▶ [Information provided]:
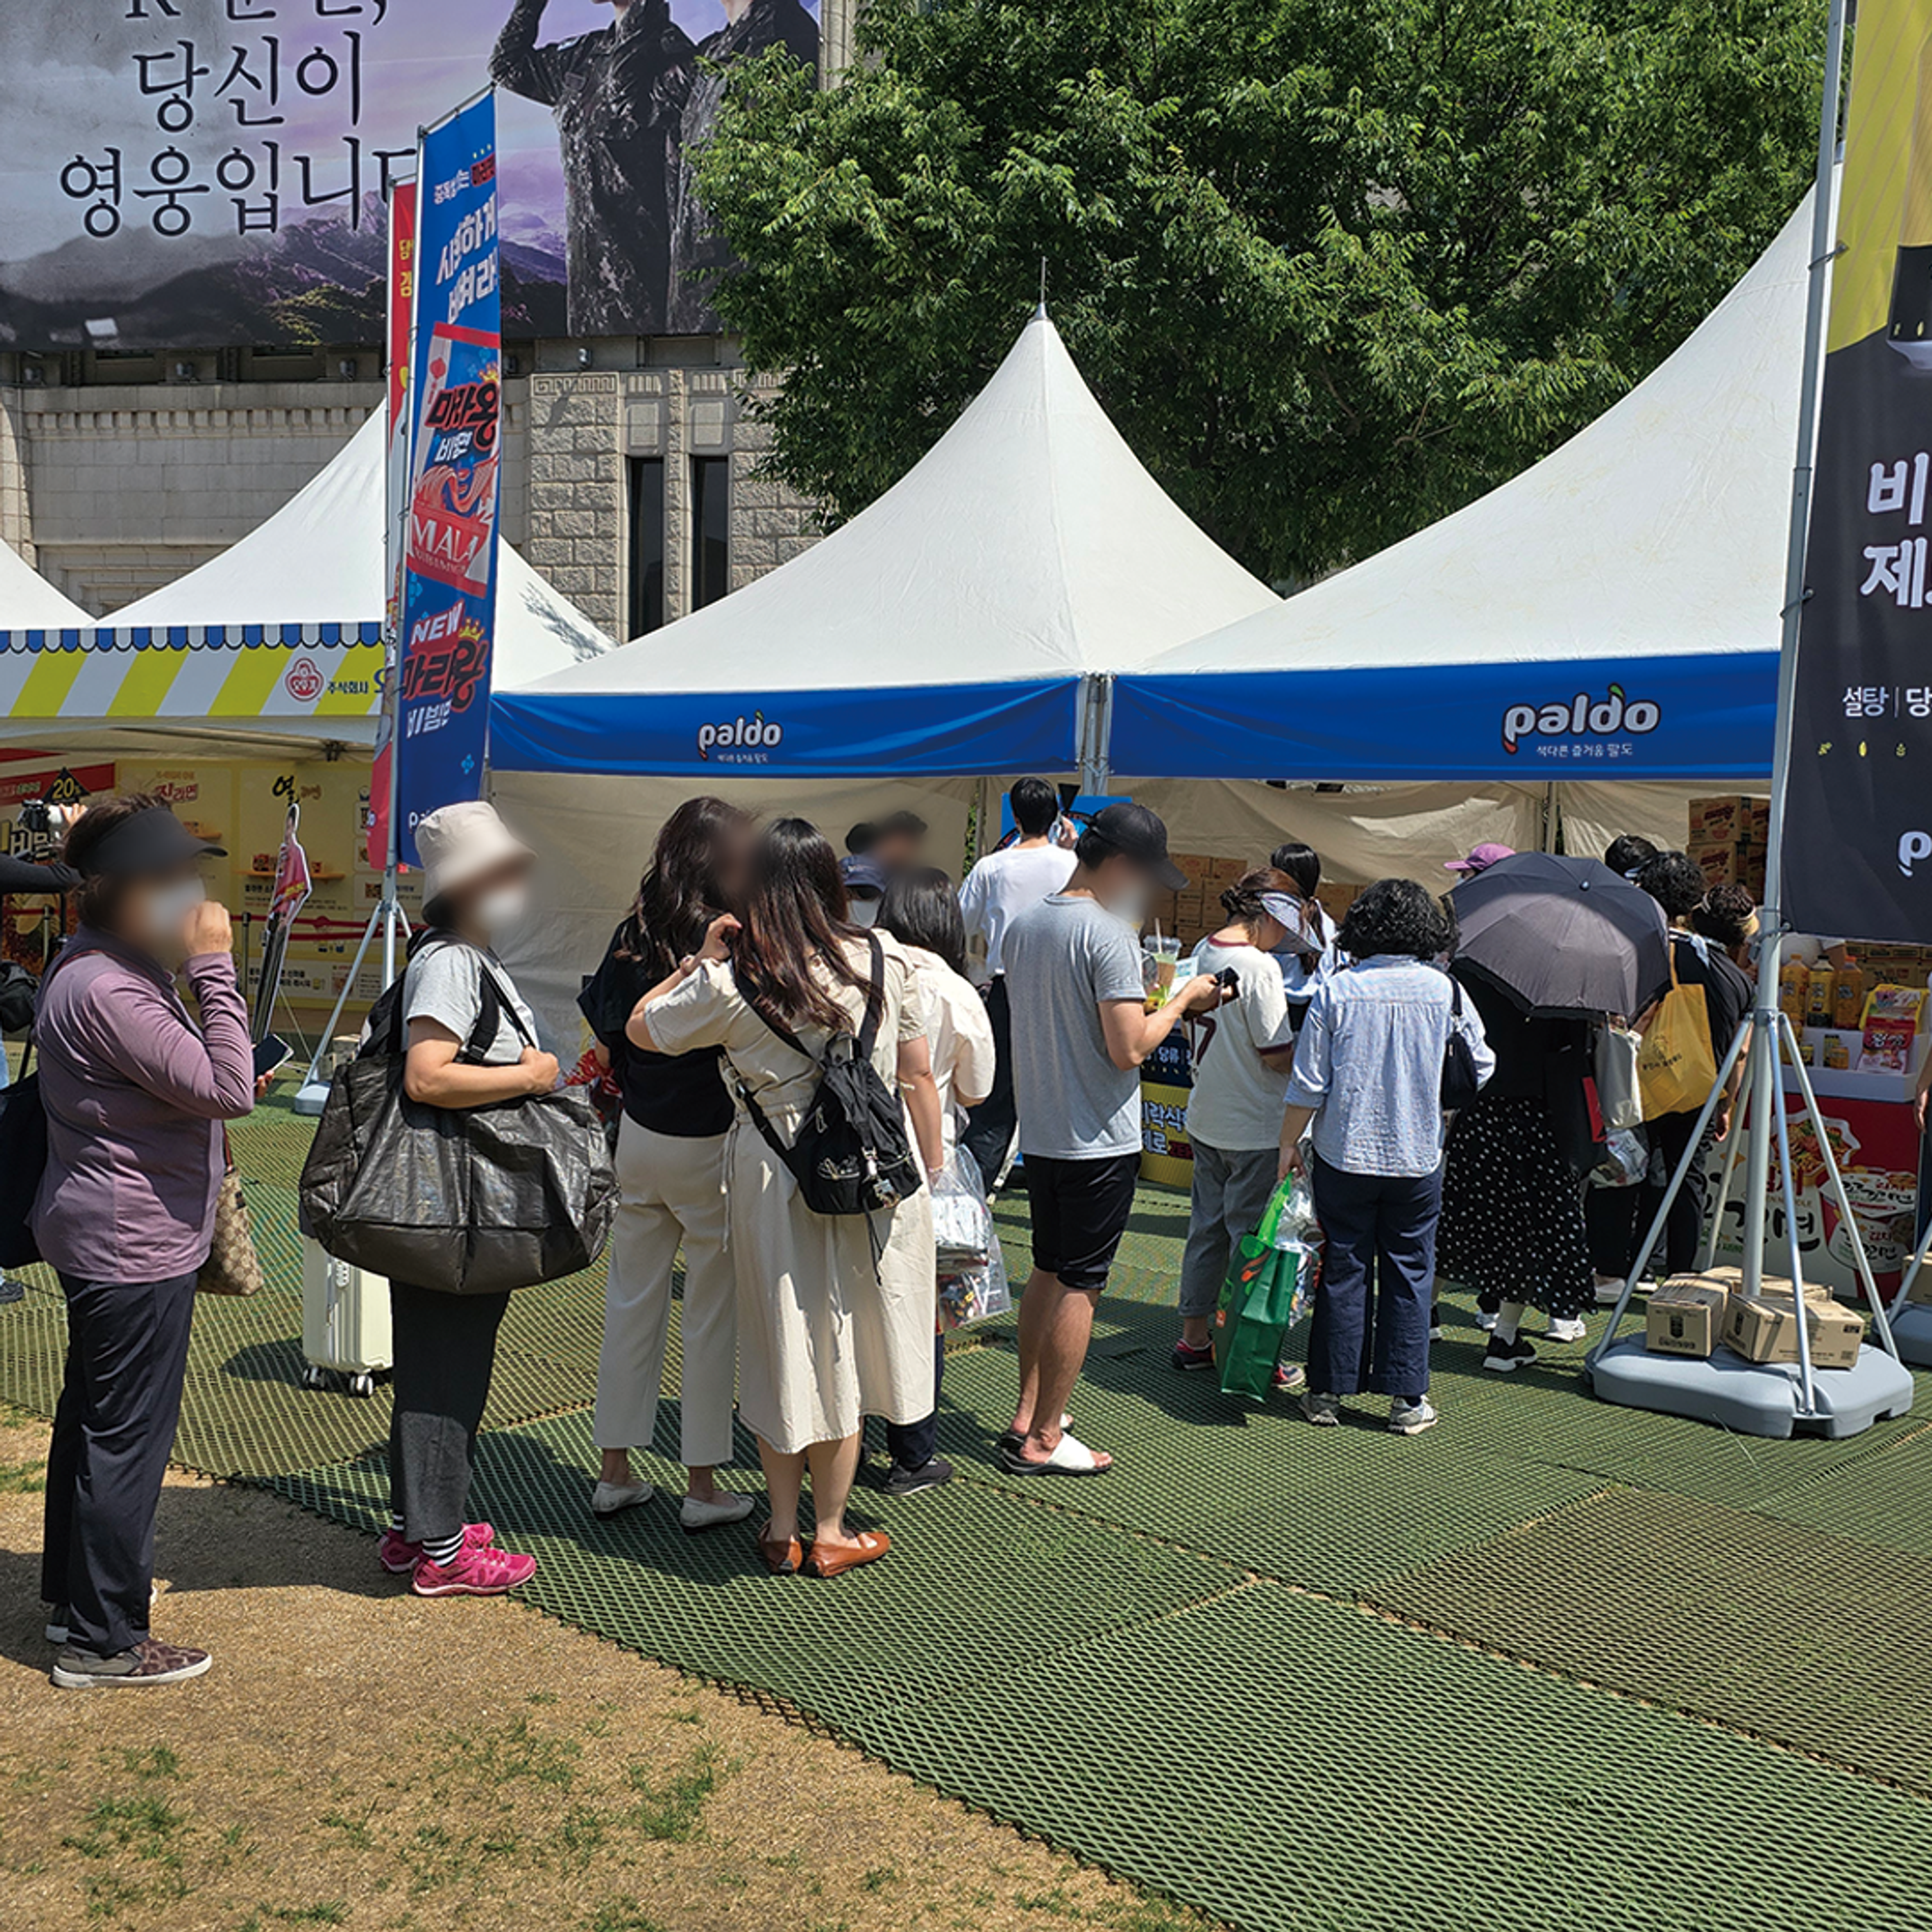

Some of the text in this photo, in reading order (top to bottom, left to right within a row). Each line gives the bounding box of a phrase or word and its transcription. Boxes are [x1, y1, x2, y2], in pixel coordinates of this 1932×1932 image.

[132, 30, 361, 133] 당신이
[1867, 452, 1929, 525] 비
[1860, 536, 1932, 607] 제
[411, 602, 462, 645] NEW
[697, 709, 783, 760] paldo
[1501, 682, 1661, 754] paldo
[1842, 686, 1890, 717] 설탕

▶ [Directions]: Give back the whole listing exactly as written. Do not include any picture.

▶ [Problem solution]:
Some of the text in this photo, in reading order (top to bottom, left to right within a row). Each line gives the bounding box of a phrase or word and its transcription. Boxes are [x1, y1, x2, y2], in pixel coordinates of this 1932×1932 image.

[132, 30, 361, 133] 당신이
[1867, 452, 1929, 525] 비
[1860, 536, 1932, 607] 제
[411, 602, 462, 645] NEW
[697, 709, 783, 760] paldo
[1501, 682, 1661, 754] paldo
[1842, 686, 1890, 717] 설탕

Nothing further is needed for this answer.